-- What you will do --
Please reproduce the entries exactly, skipping each picture.

----

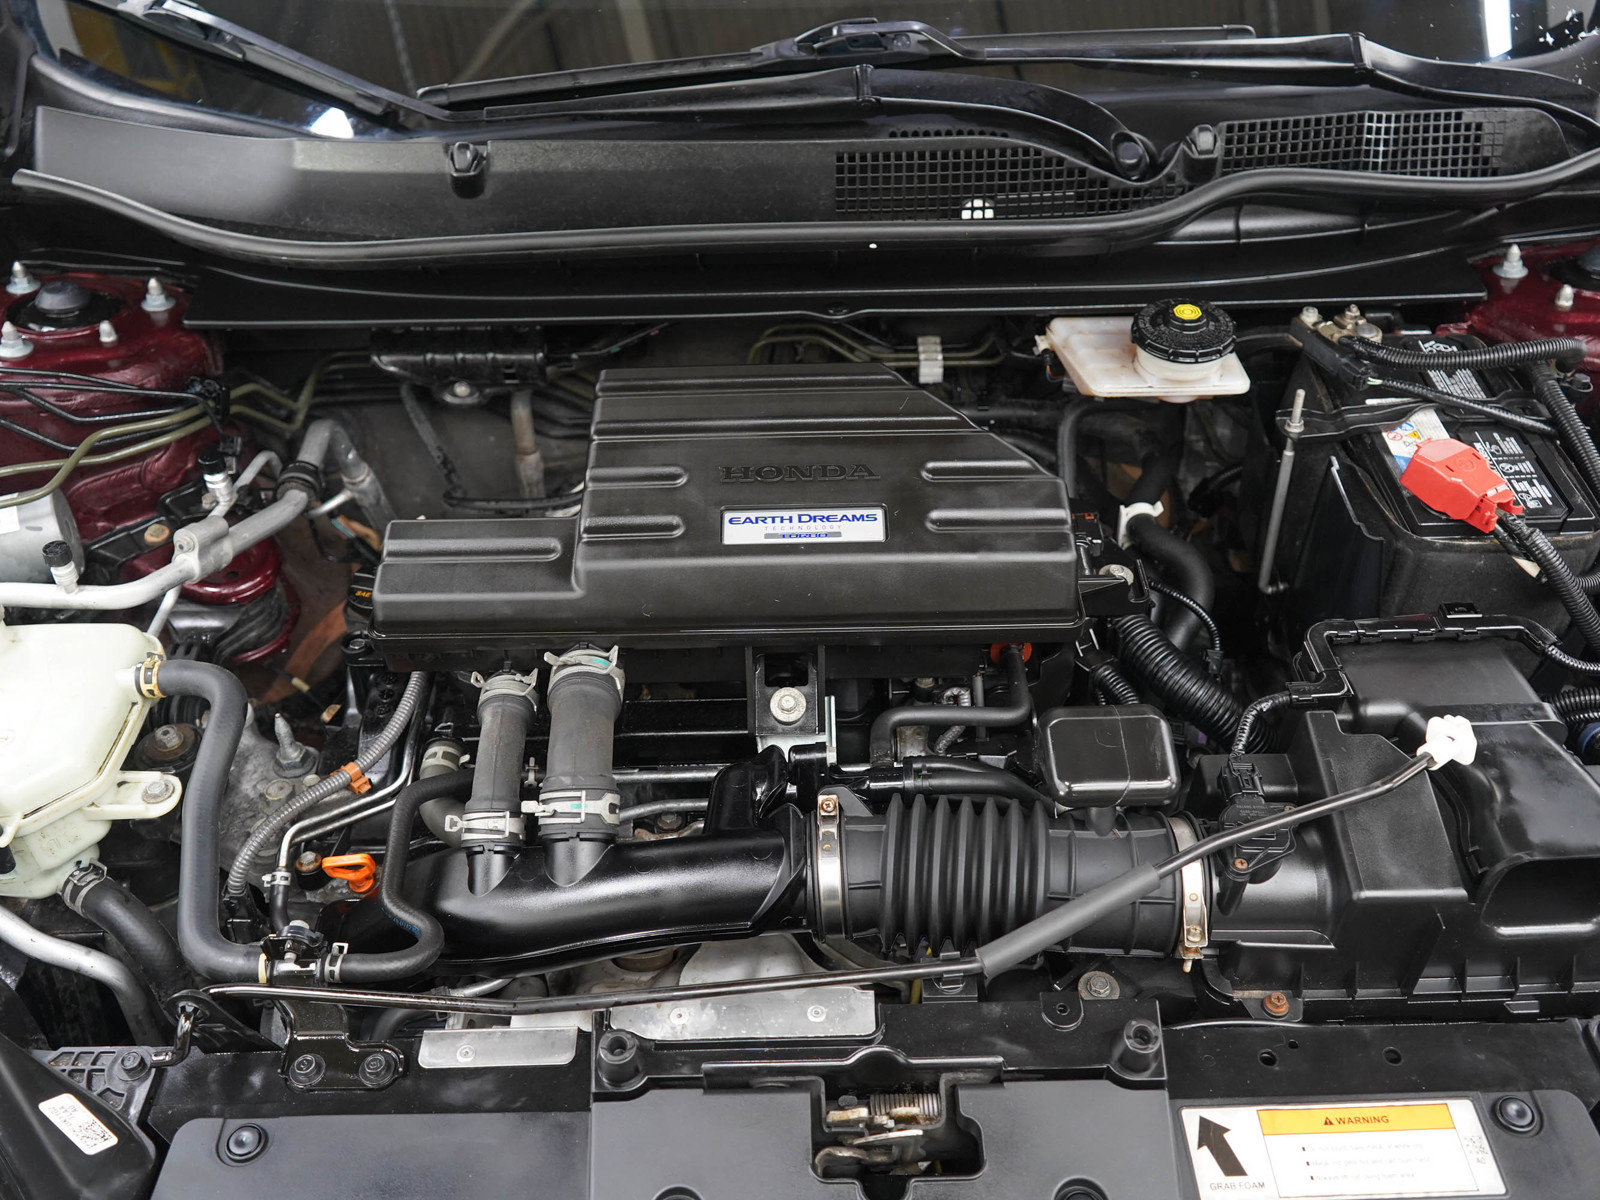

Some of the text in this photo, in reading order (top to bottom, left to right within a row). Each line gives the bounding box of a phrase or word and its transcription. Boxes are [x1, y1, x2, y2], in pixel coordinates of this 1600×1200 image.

[719, 464, 881, 483] HONDA
[728, 513, 878, 525] EARTH DREAMS
[1335, 1115, 1390, 1125] WARNING
[1209, 1181, 1266, 1191] GRAB FOAM
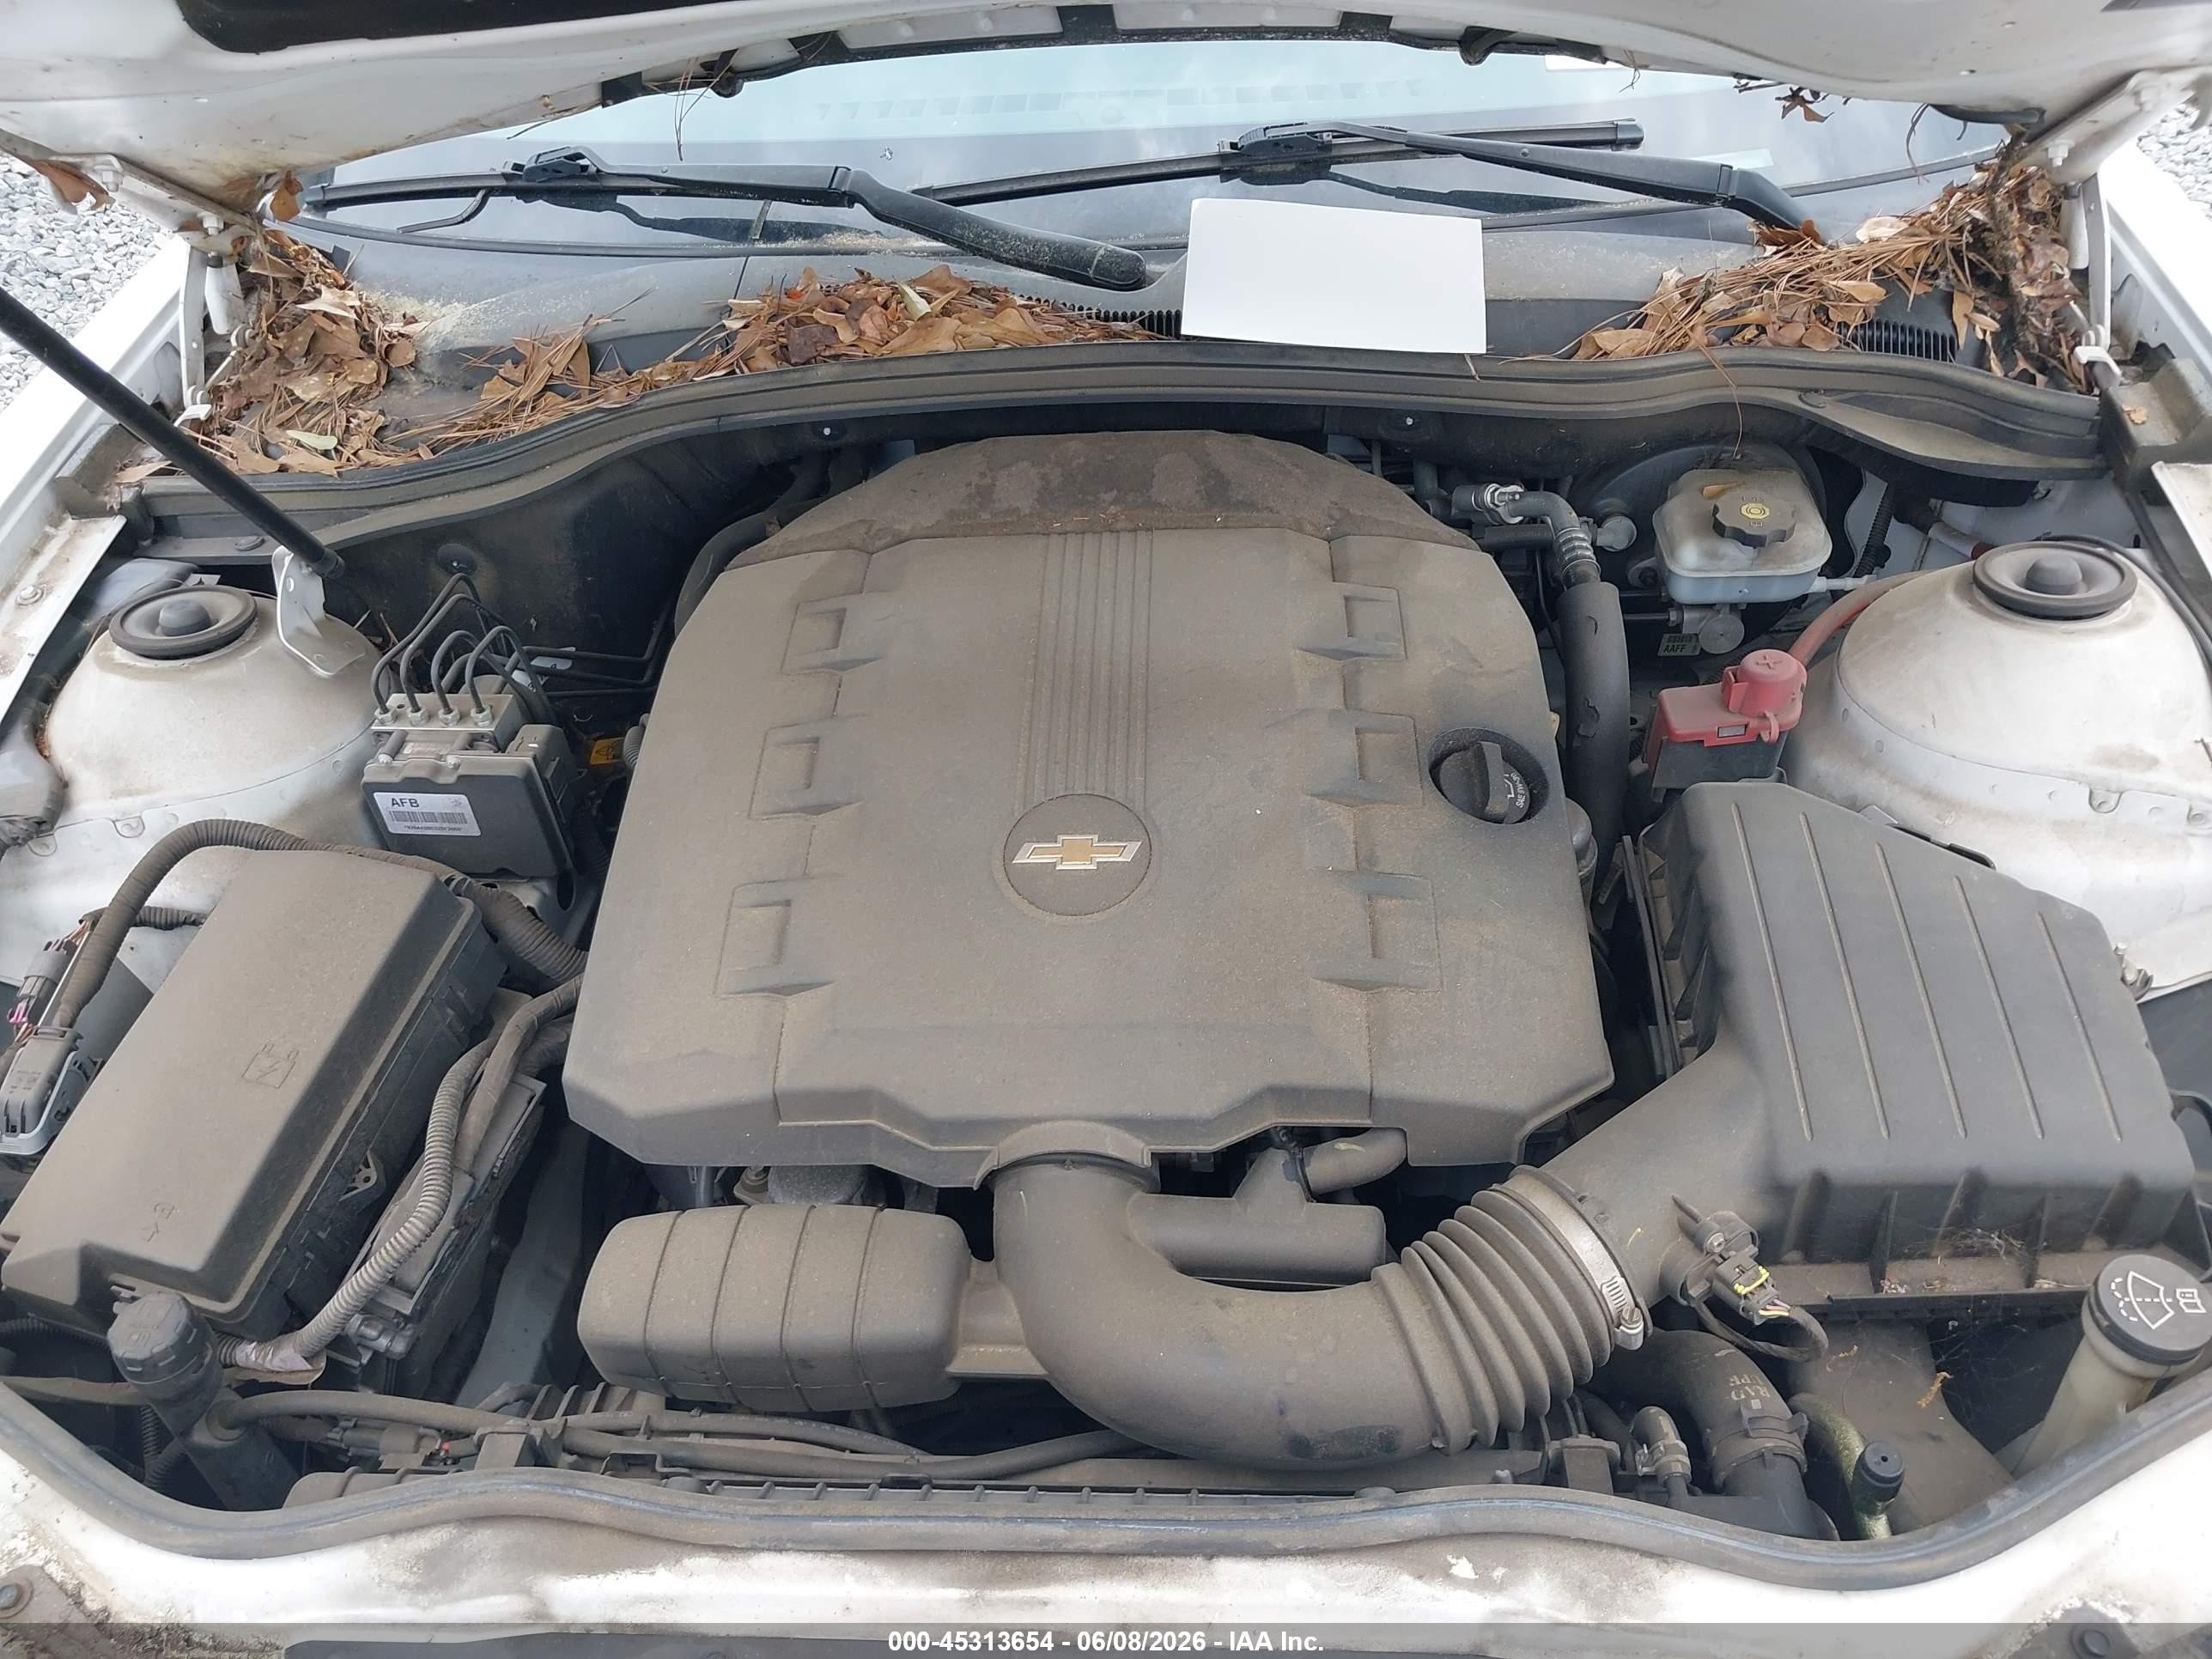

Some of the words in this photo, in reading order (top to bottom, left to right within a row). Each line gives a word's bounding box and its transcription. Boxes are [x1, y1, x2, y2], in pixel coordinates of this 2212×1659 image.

----

-- Written response --
Some of the text in this photo, in reading order (top to bottom, left to right within a row). Each line gives the bounding box of a phrase or word and its transcription. Boxes are [x1, y1, x2, y2], in pixel coordinates of this 1600×1200 image.

[719, 464, 881, 483] HONDA
[728, 513, 878, 525] EARTH DREAMS
[1335, 1115, 1390, 1125] WARNING
[1209, 1181, 1266, 1191] GRAB FOAM

Some of the words in this photo, in reading order (top to bottom, left to right within a row). Each line gives a word's bounding box and its transcription. Boxes are [x1, y1, x2, y2], in pixel coordinates of this 2212×1659 image.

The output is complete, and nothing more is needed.